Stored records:
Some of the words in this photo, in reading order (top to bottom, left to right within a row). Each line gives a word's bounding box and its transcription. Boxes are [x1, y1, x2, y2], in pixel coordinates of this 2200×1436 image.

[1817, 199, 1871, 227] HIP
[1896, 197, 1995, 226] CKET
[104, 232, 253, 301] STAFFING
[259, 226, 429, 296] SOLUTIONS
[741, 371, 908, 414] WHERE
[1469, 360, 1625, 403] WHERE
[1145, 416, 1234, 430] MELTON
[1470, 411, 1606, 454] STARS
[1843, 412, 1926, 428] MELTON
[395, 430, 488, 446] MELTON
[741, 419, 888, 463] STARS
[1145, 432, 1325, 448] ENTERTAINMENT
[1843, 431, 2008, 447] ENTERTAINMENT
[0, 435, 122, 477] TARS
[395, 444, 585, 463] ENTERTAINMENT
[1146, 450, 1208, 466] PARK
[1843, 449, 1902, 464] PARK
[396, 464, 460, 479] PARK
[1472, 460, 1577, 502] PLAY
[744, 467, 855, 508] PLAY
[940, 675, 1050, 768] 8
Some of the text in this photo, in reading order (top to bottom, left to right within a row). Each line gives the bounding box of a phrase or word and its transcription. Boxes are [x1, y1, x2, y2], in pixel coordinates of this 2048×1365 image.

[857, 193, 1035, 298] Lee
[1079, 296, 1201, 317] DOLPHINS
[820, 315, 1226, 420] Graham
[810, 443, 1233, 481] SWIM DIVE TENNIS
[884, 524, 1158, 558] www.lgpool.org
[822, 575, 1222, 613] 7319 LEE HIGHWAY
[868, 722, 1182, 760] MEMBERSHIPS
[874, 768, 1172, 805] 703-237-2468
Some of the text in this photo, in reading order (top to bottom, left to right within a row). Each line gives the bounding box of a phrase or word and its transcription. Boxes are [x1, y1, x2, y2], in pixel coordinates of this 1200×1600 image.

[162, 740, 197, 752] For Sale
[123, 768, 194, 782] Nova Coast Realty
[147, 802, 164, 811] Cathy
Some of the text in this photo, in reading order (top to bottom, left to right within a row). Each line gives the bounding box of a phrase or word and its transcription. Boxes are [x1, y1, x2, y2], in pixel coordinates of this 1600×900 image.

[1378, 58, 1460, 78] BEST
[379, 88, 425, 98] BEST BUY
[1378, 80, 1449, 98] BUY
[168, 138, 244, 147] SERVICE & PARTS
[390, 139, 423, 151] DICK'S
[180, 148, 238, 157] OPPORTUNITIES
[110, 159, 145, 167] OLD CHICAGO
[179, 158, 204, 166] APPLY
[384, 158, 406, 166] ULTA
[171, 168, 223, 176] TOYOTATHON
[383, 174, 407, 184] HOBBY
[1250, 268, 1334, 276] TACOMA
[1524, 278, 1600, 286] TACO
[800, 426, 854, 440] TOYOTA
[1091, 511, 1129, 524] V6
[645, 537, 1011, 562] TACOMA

▶ What to produce
In full and exactly as written, reproduce the records above.

▶ Answer to this exercise
Some of the words in this photo, in reading order (top to bottom, left to right within a row). Each line gives a word's bounding box and its transcription. Boxes are [x1, y1, x2, y2], in pixel coordinates of this 2200×1436 image.

[1817, 199, 1871, 227] HIP
[1896, 197, 1995, 226] CKET
[104, 232, 253, 301] STAFFING
[259, 226, 429, 296] SOLUTIONS
[741, 371, 908, 414] WHERE
[1469, 360, 1625, 403] WHERE
[1145, 416, 1234, 430] MELTON
[1470, 411, 1606, 454] STARS
[1843, 412, 1926, 428] MELTON
[395, 430, 488, 446] MELTON
[741, 419, 888, 463] STARS
[1145, 432, 1325, 448] ENTERTAINMENT
[1843, 431, 2008, 447] ENTERTAINMENT
[0, 435, 122, 477] TARS
[395, 444, 585, 463] ENTERTAINMENT
[1146, 450, 1208, 466] PARK
[1843, 449, 1902, 464] PARK
[396, 464, 460, 479] PARK
[1472, 460, 1577, 502] PLAY
[744, 467, 855, 508] PLAY
[940, 675, 1050, 768] 8
Some of the text in this photo, in reading order (top to bottom, left to right within a row). Each line gives the bounding box of a phrase or word and its transcription. Boxes are [x1, y1, x2, y2], in pixel coordinates of this 2048×1365 image.

[857, 193, 1035, 298] Lee
[1079, 296, 1201, 317] DOLPHINS
[820, 315, 1226, 420] Graham
[810, 443, 1233, 481] SWIM DIVE TENNIS
[884, 524, 1158, 558] www.lgpool.org
[822, 575, 1222, 613] 7319 LEE HIGHWAY
[868, 722, 1182, 760] MEMBERSHIPS
[874, 768, 1172, 805] 703-237-2468
Some of the text in this photo, in reading order (top to bottom, left to right within a row). Each line gives the bounding box of a phrase or word and its transcription. Boxes are [x1, y1, x2, y2], in pixel coordinates of this 1200×1600 image.

[162, 740, 197, 752] For Sale
[123, 768, 194, 782] Nova Coast Realty
[147, 802, 164, 811] Cathy
Some of the text in this photo, in reading order (top to bottom, left to right within a row). Each line gives the bounding box of a phrase or word and its transcription. Boxes are [x1, y1, x2, y2], in pixel coordinates of this 1600×900 image.

[1378, 58, 1460, 78] BEST
[379, 88, 425, 98] BEST BUY
[1378, 80, 1449, 98] BUY
[168, 138, 244, 147] SERVICE & PARTS
[390, 139, 423, 151] DICK'S
[180, 148, 238, 157] OPPORTUNITIES
[110, 159, 145, 167] OLD CHICAGO
[179, 158, 204, 166] APPLY
[384, 158, 406, 166] ULTA
[171, 168, 223, 176] TOYOTATHON
[383, 174, 407, 184] HOBBY
[1250, 268, 1334, 276] TACOMA
[1524, 278, 1600, 286] TACO
[800, 426, 854, 440] TOYOTA
[1091, 511, 1129, 524] V6
[645, 537, 1011, 562] TACOMA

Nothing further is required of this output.